La ville de Bergues est à peu près intacte, à part quelques
maisons jetées à bas par le canon à longue portée ou les bombes d’avions. Aucun
de ses monuments n’est touché et ce serait grandement dommage ! Voici les
tours de Saint-Winoc, l’église flamande dont la tour massive contraste étrangement
avec le svelte et élégant beffroi, l’hôtel de ville renaissance à la façade
duquel j’admire un beau buste de Lamartine, ancien député de Bergues, inauguré
quelques mois avant la guerre, enfin la gendarmerie, curieuse maison de
l’époque espagnole. Bergues n’est plus la cité tranquille et endormie que j’ai
connue jadis. Du fait de la guerre, elle a pris une importance considérable. Il
y a une telle circulation dans les rues qu’on a dû interdire aux automobiles
militaires de traverser la ville. Des quantités de nouveaux magasins se sont
ouverts, des coopératives militaires ont été créées. La ville est occupée par
de nombreux états-majors, les services de l’intendance. C’est un va-et-vient
continuel de plantons, de cyclistes, de motocyclistes. C’est de Bergues que
partent tous les permissionnaires et c’est là également qu’ils débarquent en
revenant de permission. De nombreux baraquements ont été construits derrière la
gare pour les permissionnaires partant. Lors du retour, on se rend à la peu
hospitalière caserne Leclercq où l’on gèle littéralement. Bon nombre de
carreaux manquent aux fenêtres et aucune couverture n’est mise à la disposition
pour passer la nuit.
Les Anglais ont créé une nouvelle ligne de chemin de fer,
qui va de Bergues à Roesbrugge, et il existe, en outre, un service de camions
automobiles, pour les localités que ne dessert pas la voie ferrée. Un camp de
prisonniers allemands a été installé aux portes de la ville et les prisonniers
sont employés aux services de la voirie, à l’entretien des routes et des lignes
de chemin de fer.
Je vais à Dunkerque, Malo-les-Bains, Malo-centre et
Malo-Terminus.
Ici, l’impression est tout à fait différente. On a tellement
parlé des bombardements de la région de Dunkerque par avions, navires de
guerre, canon à longue portée que je m’attendais à trouver une ville en ruines.

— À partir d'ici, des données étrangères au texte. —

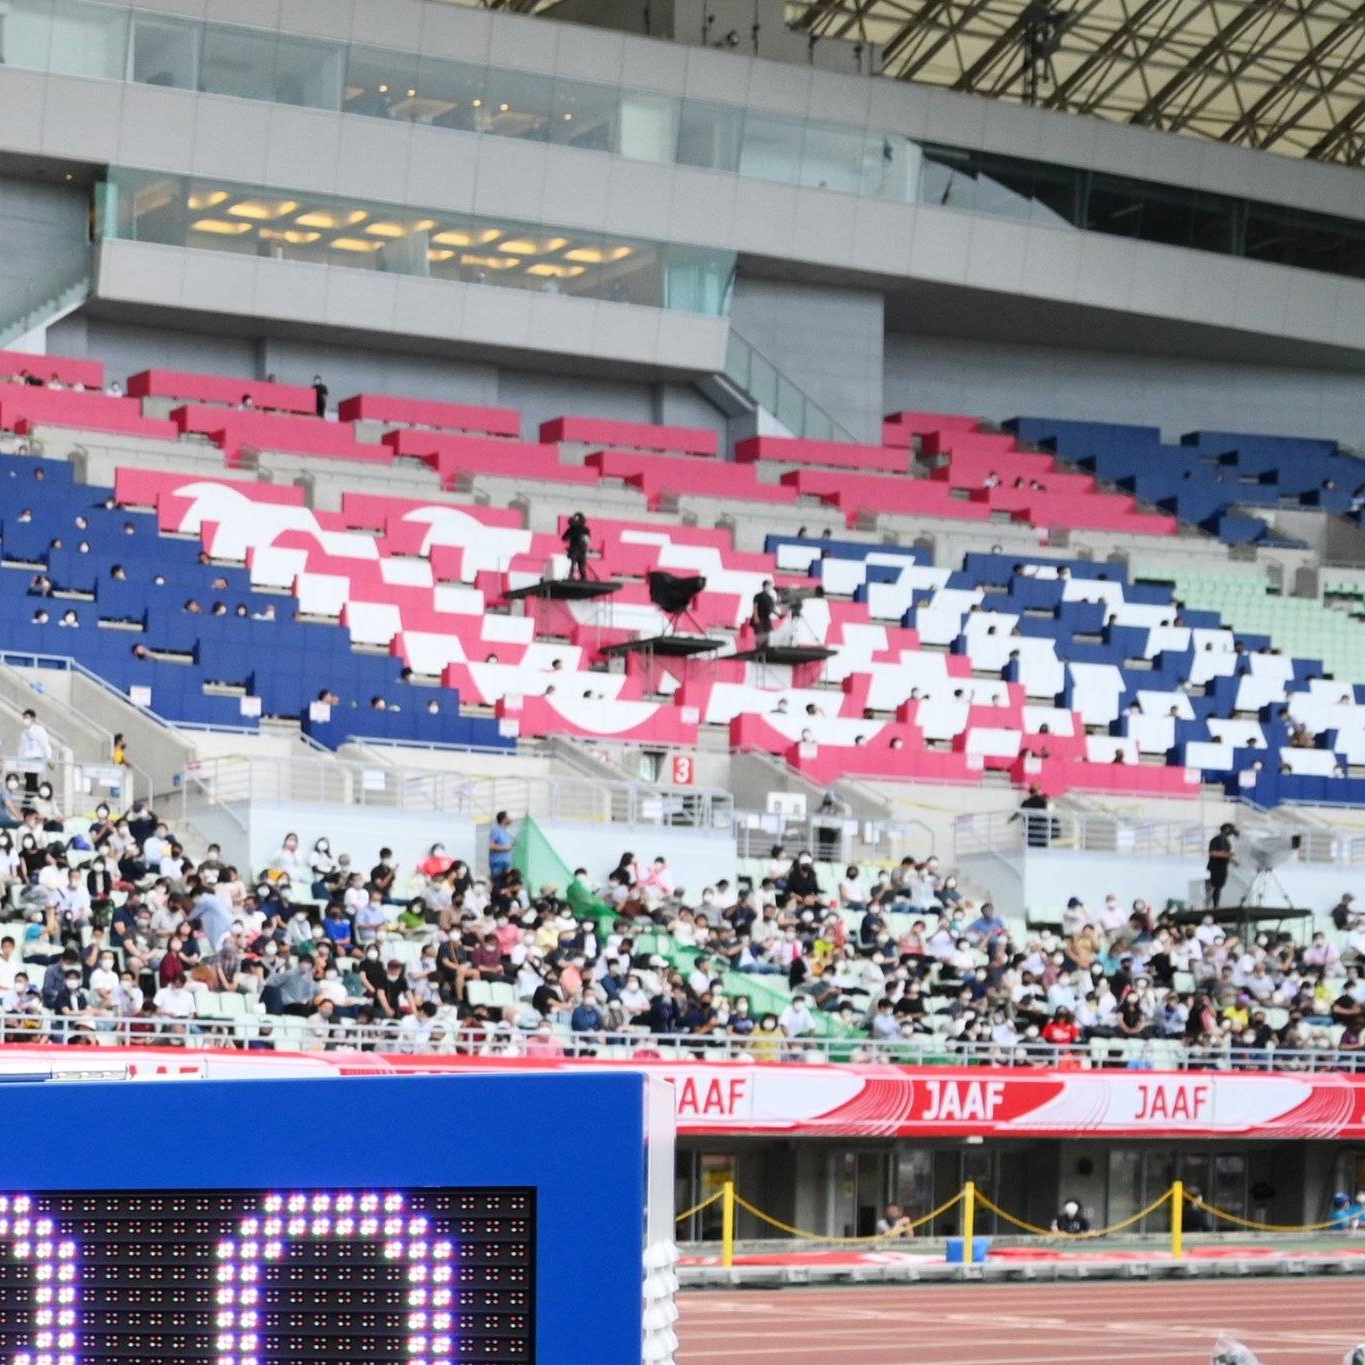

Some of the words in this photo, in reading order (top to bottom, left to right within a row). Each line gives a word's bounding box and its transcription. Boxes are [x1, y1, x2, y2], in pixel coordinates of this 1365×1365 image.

[674, 756, 690, 784] 3
[922, 1080, 1006, 1122] JAAF
[1135, 1085, 1209, 1120] JAAF

Somme toute, je retrouve Dunkerque à peu près comme je l’ai connue jadis,
l’animation en moins. Çà et là des maisons éventrées, des carreaux cassés, des
bandes de papier croisées aux vitres de tous les immeubles. Il paraît que cela
atténue les secousses et les trépidations des bombardements. Tous les monuments
sont intacts, à part l’église Saint-Eloi dont la toiture crevée a été
recouverte de carton bitume. Des magasins, des cafés, des hôtels sont restés
ouverts. Quelques tramways électriques circulent encore. La ville n’est pas
morte, mais que nous sommes loin du Dunkerque joyeux, animé, débordant de vie
et d’activité tel qu’il existait avant la guerre, pendant la saison balnéaire.

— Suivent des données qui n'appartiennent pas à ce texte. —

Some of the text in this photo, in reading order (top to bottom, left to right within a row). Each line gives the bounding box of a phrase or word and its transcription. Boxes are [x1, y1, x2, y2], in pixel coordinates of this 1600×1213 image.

Sur la plage de Malo, l’impression est plus navrante encore.
La digue est déserte. Toutes les villas sont fermées. Le casino a été coupé en
deux par un 380. Des réseaux de fils de fer barbelés et des tranchées courent
sur la grève et travers les dunes. C’est en vain que l’on cherche la foule des
baigneurs, les cabines de bain aux couleurs voyantes et bariolées, les
marchands de plaisir, les troupeaux de petits ânes qui faisaient autrefois la
joie des enfants. La plage est devenue maintenant la propriété des soldats anglais
et français. Les uns se baignent. D’autres font l’exercice et procèdent à des lancements de grenades.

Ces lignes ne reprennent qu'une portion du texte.